Link To YouTube Video Explanation of Standard DL Test

Ollama Model Inference Tests (./ollama_test)

Link To YouTube Video Explanation of Ollama Inference Tests

Repository Structure

  • standard_dl_test
    • config
      • bert.yaml: Configuration file for the BERT model.
      • lstm.yaml: Configuration file for the LSTM model.
      • resnet50.yaml: Configuration file for the ResNet50 model.
    • bert_train_test.py: Benchmark script for evaluating GPUs on the BERT model with Hugging Face's publicly available IMDB dataset for text classification.
    • lstm_train_test.py: Benchmark script for evaluating GPUs on the LSTM model with UCI's publicly available Individual Household Electric Power Consumption dataset for time series forecasting.
    • resnet50_train_test.py: Benchmark script for evaluating GPUs on the ResNet50 model with PyTorch's available CIFAR10 dataset for image classification. The images are resized to 256x256 to make the benchmarking scenario more realistic.
    • run.py: Main script to run the standard DL test suite.
  • ollama_test
    • config.yaml: Configuration file for for ollama test suite
    • log_2_csv.py: Converts the output in ./logs (created when ./test_all.py is run) to more easily ingestible CSV file.
    • test_all.py: This is the main script to run to test with Ollama. It automates running Docker containers for different GPU and model combinations, pulling models via Ollama's API, and ensuring they are accessible for prompt testing. It manages container lifecycle events, GPU selection, and volume handling based on a YAML configuration file.
    • test_model_prompts.py: This script loads test prompts from a YAML file, runs multiple inference tests on a specified LLM model via a local API, and logs key performance metrics such as total duration, tokens per second, and GPU utilization. The results are averaged across test runs, saved to uniquely named log files, and include example responses from the model for each prompt.
    • test_prompts.yaml: A YAML file containing all prompts to be tested.
  • gpu_max_load.py: Script to test GPU maximum load, useful for checking thermals or server noise at maximum loading.
  • requirements.txt: List of required packages and dependencies.
  • setup.py: Script for setting up the project environment. This script requires a version of Conda installed as it creates a Conda environment.

Setup and Installation

Prerequisites

Ensure you have the following installed:

Installation

  1. Clone the repository:

    git clone [email protected]:thedatadaddi/BenchDaddi.git
    cd BenchDaddi
  2. To use Conda, install Miniconda or Anaconda. Install Miniconda.

    python setup.py
    conda activate gpu_bm_venv
  3. Alternatively, create a virtual environment with venv or virtualenv and install the required packages:

    python3 -m venv gpu_bm_venv
    # Windows
    gpu_bm_venv\Scripts\activate
    # Linux or Mac
    source gpu_bm_venv/bin/activate
    pip install -r requirements.txt

Usage

For Standard DL Test (./standard_dl_test)

Training and Testing

  1. To benchmark with the BERT model:

    python bert_train_test.py
  2. To benchmark with the LSTM model:

    python lstm_train_test.py
  3. To benchmark with the ResNet50 model:

    python resnet50_train_test.py

Main Script

  • To execute all benchmarks and obtain overall benchmark scores:

    python run.py

For Ollama Test (./ollama_test)

  1.    cd ./ollama_test
  2. Adjust config.yaml if needed

  3. Add or remove prompts to test_prompts.yaml

  4.    python test_all.py

Dependencies

The project dependencies are listed in the requirements.txt file and can be installed using pip.

GPU Evaluation Metrics

For Standard DL Test (./standard_dl_test)

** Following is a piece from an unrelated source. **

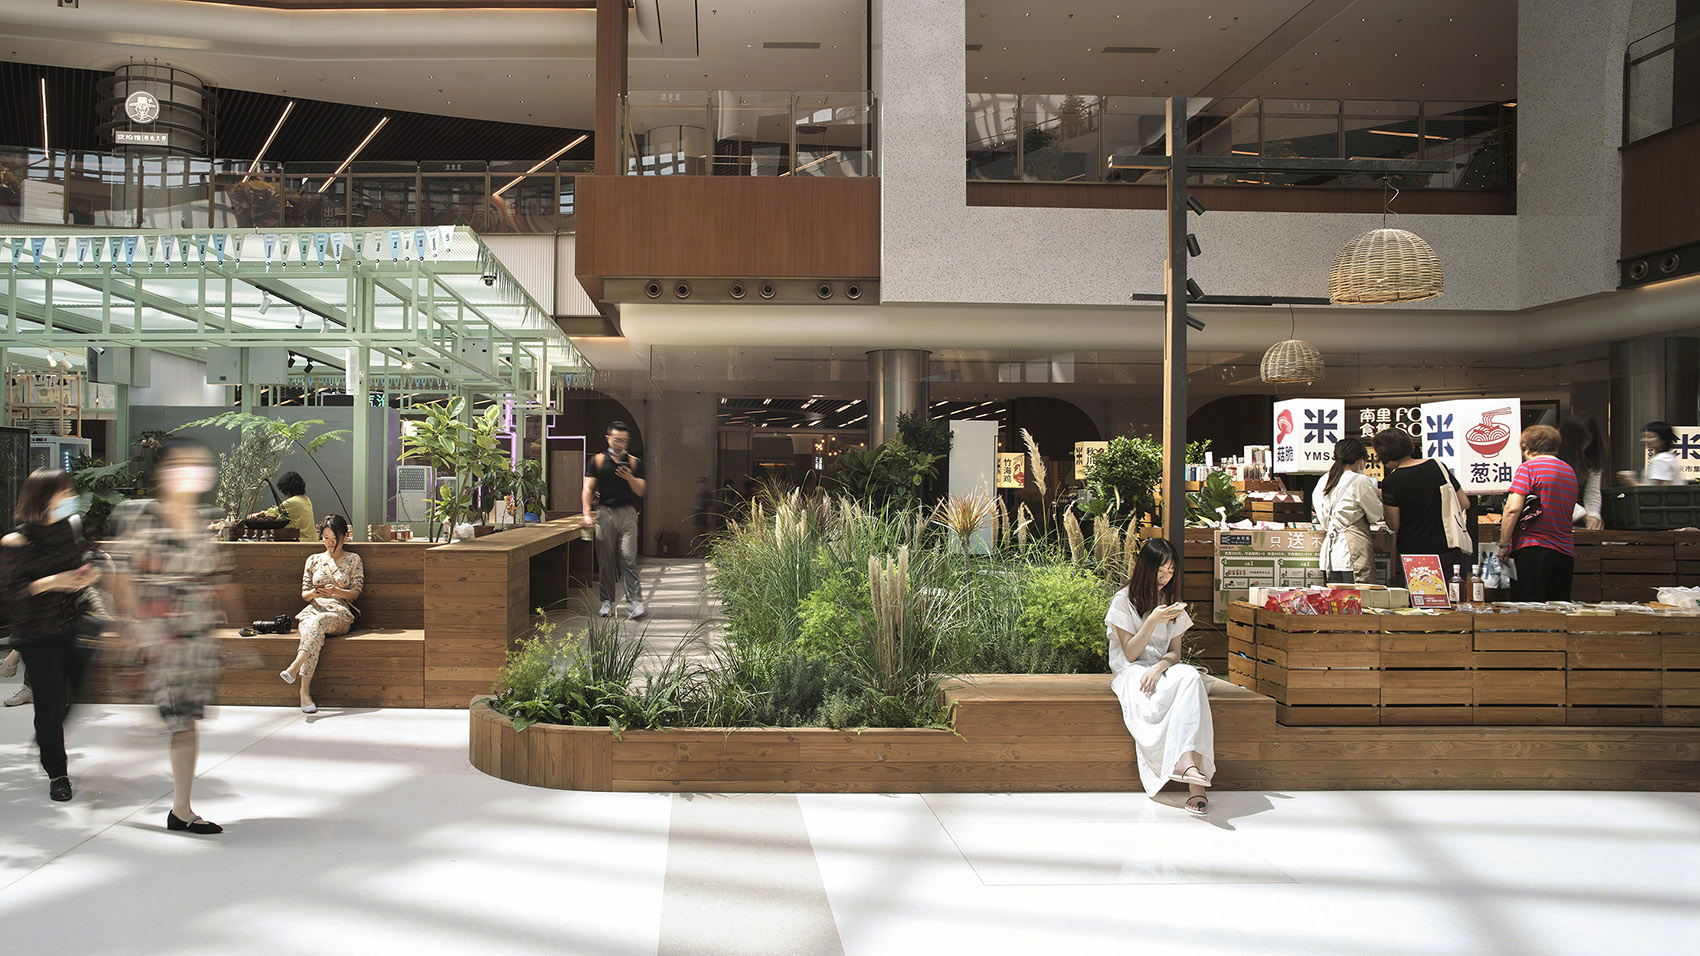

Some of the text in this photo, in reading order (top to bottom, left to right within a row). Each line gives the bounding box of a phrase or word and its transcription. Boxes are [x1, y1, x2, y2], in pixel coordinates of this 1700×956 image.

[1360, 407, 1392, 423] 南里
[1277, 446, 1294, 462] 菇脆
[1003, 458, 1012, 483] 竹海鸡
[1470, 461, 1512, 484] 葱油

The default setting evaluates each GPU using FP32, 3 epochs, and reasonable configurations pertaining to each model.

Memory

  • Memory Allocated: Reflects the memory currently in use by tensors, models, and other GPU data structures that are actively holding data.
  • Memory Reserved: Includes both the memory currently allocated and additional memory that has been set aside for future allocations to avoid fragmentation and allocation overhead.

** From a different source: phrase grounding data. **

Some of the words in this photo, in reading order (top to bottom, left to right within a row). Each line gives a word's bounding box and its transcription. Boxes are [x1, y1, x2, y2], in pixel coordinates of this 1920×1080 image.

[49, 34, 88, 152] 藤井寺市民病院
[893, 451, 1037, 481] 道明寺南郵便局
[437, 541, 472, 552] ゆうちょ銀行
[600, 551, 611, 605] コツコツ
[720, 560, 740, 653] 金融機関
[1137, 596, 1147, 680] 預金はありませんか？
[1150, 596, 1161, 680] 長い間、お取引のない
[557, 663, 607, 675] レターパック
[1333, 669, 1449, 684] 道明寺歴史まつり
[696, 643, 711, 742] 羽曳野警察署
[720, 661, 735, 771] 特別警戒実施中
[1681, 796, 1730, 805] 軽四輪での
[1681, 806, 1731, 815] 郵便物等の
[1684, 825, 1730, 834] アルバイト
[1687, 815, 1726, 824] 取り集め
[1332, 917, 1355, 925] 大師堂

These metrics are measured just after the first model is loaded onto the GPU(s) and after every batch_logging_output_inc (defaults to 100) batches are processed.

Execution Time

Measures the time taken for each operation: batch, epoch, etc. This is averaged and reported for each GPU per epoch and globally averaged for training and testing.

Data Transfer Time

Measures the time taken to load data onto the GPU(s). This metric is measured for each batch, epoch, etc., and is also expressed as a percentage of total execution time to help identify bottlenecks.

Throughput

Indicates how many samples a GPU can process per second for a particular model, dataset, and task. A sample could be any piece of information ingested by the model, such as text tokens or images. The training and testing throughput are summed to provide the benchmark score for each model. The global score of GPU performance across all models is the sum of each model's benchmark score. These scores are recorded in the ./logs/results_*.log file.

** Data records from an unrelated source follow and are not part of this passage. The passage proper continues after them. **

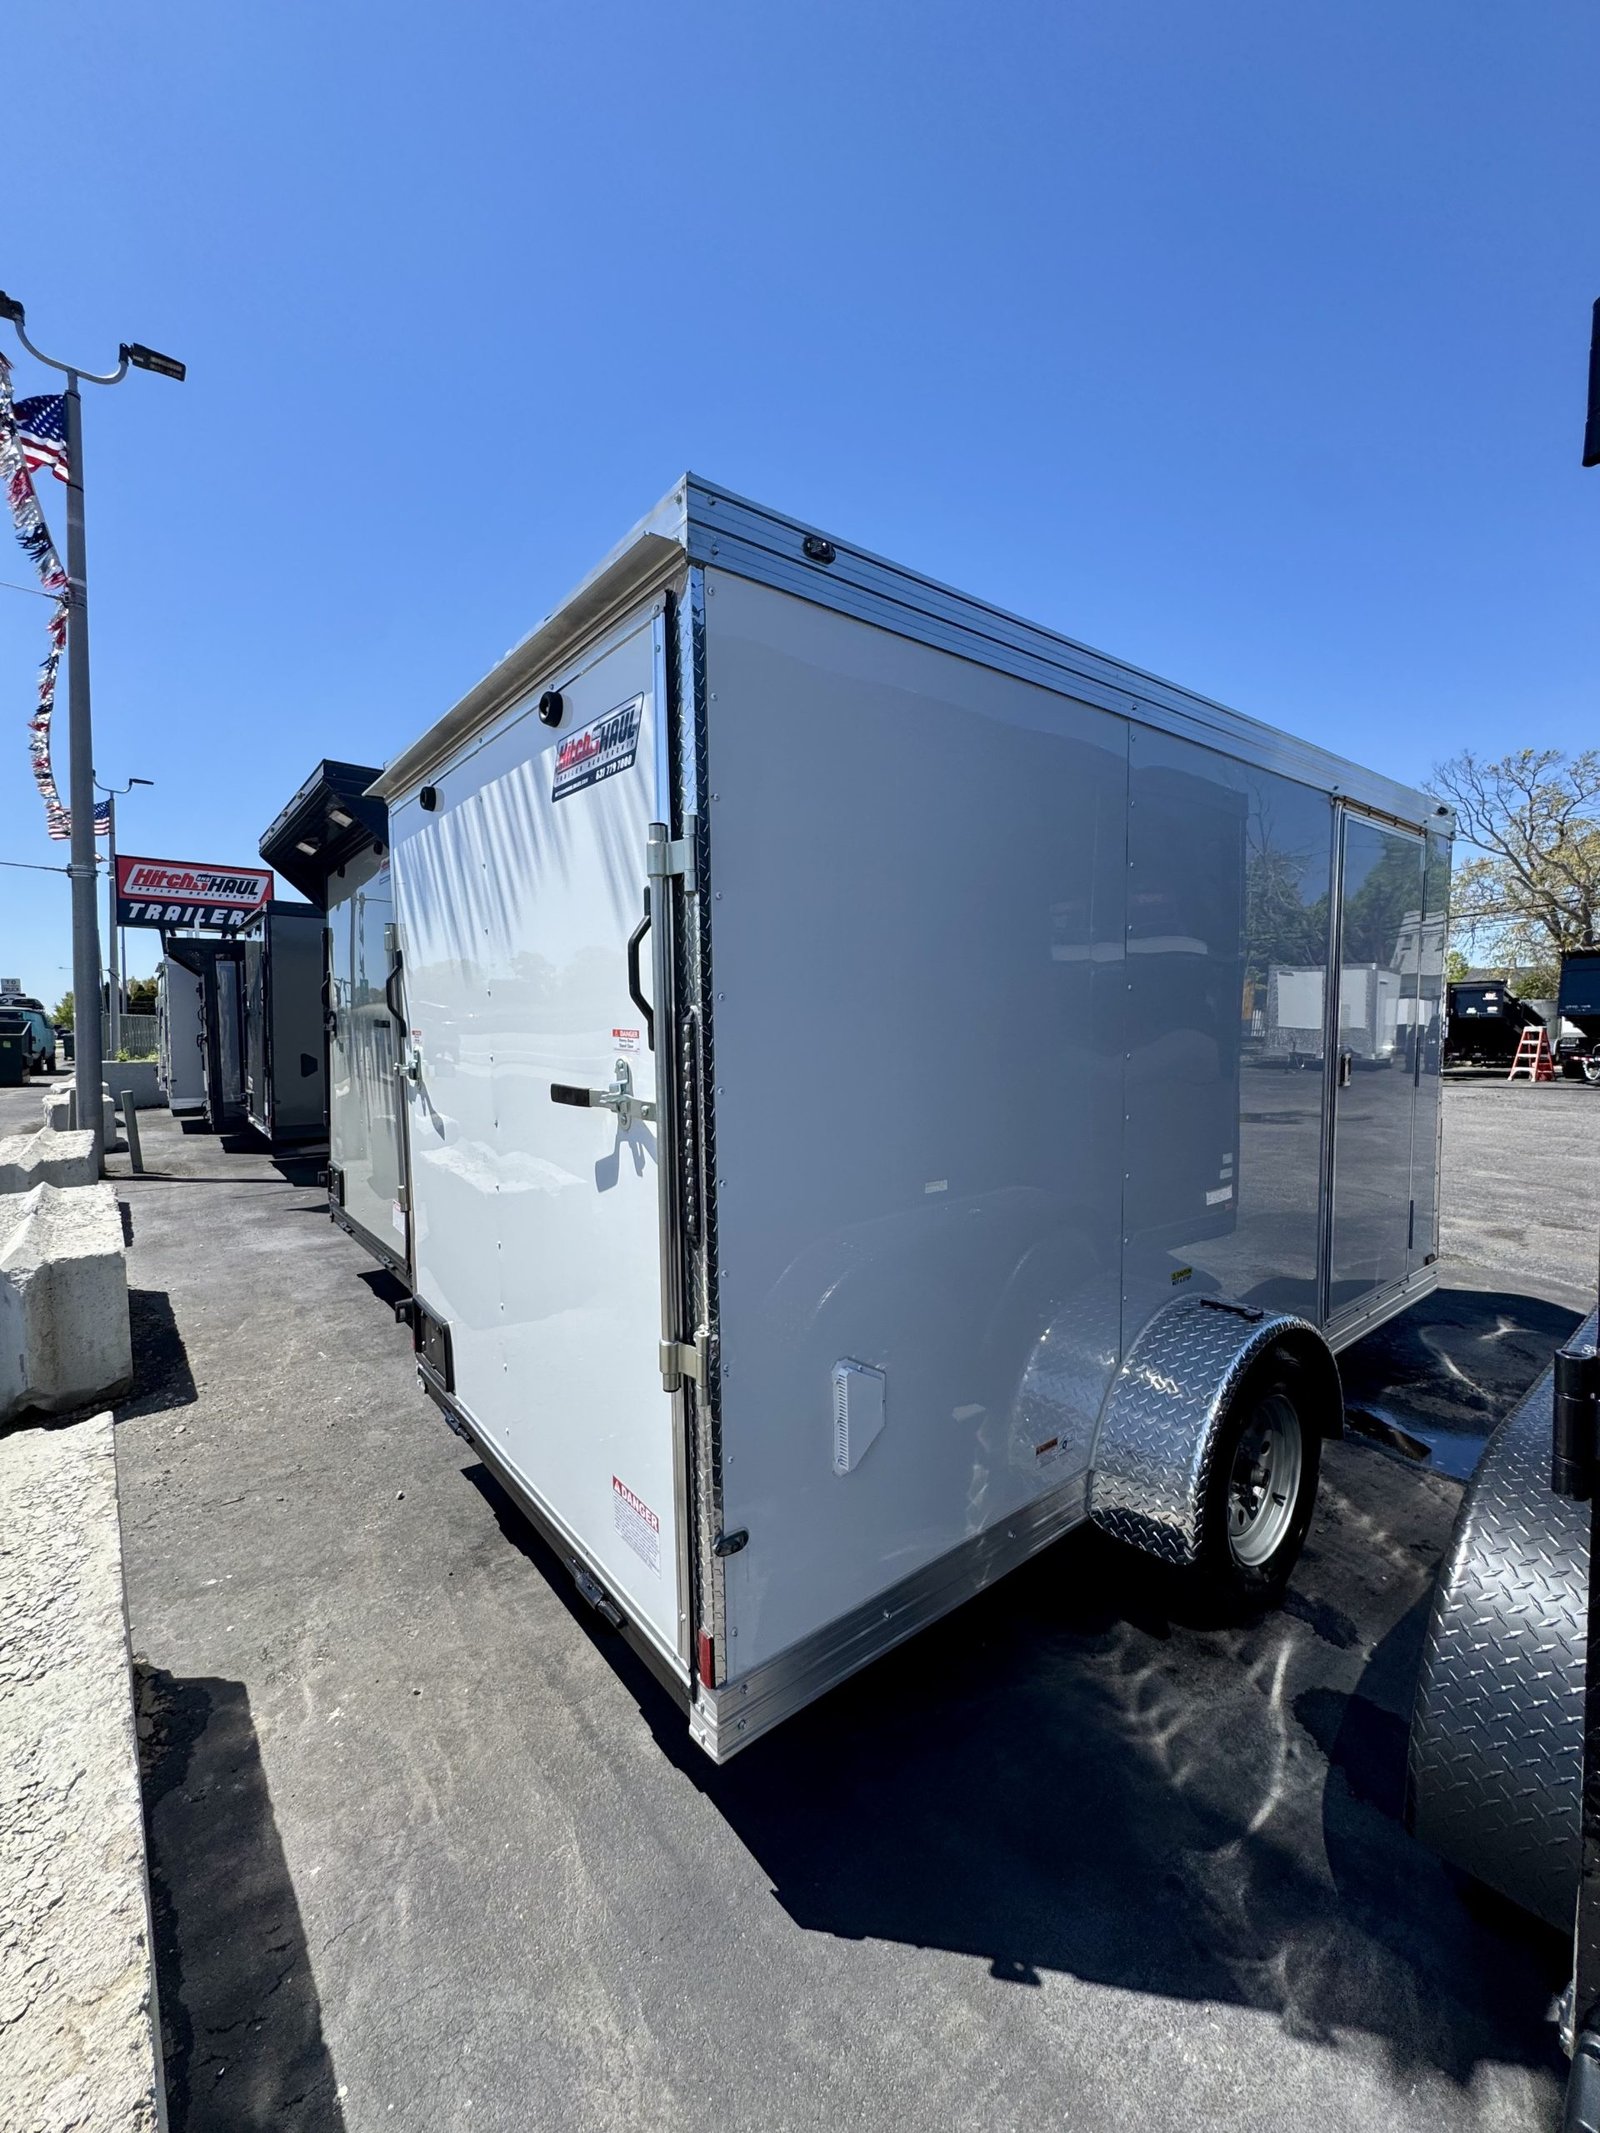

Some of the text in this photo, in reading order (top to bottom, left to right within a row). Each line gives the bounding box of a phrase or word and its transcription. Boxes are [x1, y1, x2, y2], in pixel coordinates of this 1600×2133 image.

[599, 709, 636, 753] HAUL
[133, 868, 196, 889] Hitch
[207, 878, 260, 895] HAUL
[129, 902, 248, 925] TRAILER
[621, 1484, 658, 1530] DANGER

For Ollama Test (./ollama_test)

The Ollama test evaluates each model's performance by focusing on the duration and efficiency of processing prompt tokens and generating responses. Each metric is measured in nanoseconds by Ollama as default and is converted to seconds by dividing by ( 10^9 ).

Total Duration

The overall time spent generating the full response from the model, including both the time spent evaluating the prompt and generating the response tokens.

Load Duration

The time taken to load the model into memory, which includes the initialization of all necessary weights and parameters.

Prompt Evaluation

  • Prompt Eval Count: Represents the number of tokens in the input prompt that need to be evaluated before the model generates the response.

  • Prompt Eval Duration: The time taken to evaluate the input prompt. This includes tokenizing the prompt and processing it through the model to understand the context.

Response Evaluation

  • Response Eval Count: The number of tokens generated by the model as part of the response.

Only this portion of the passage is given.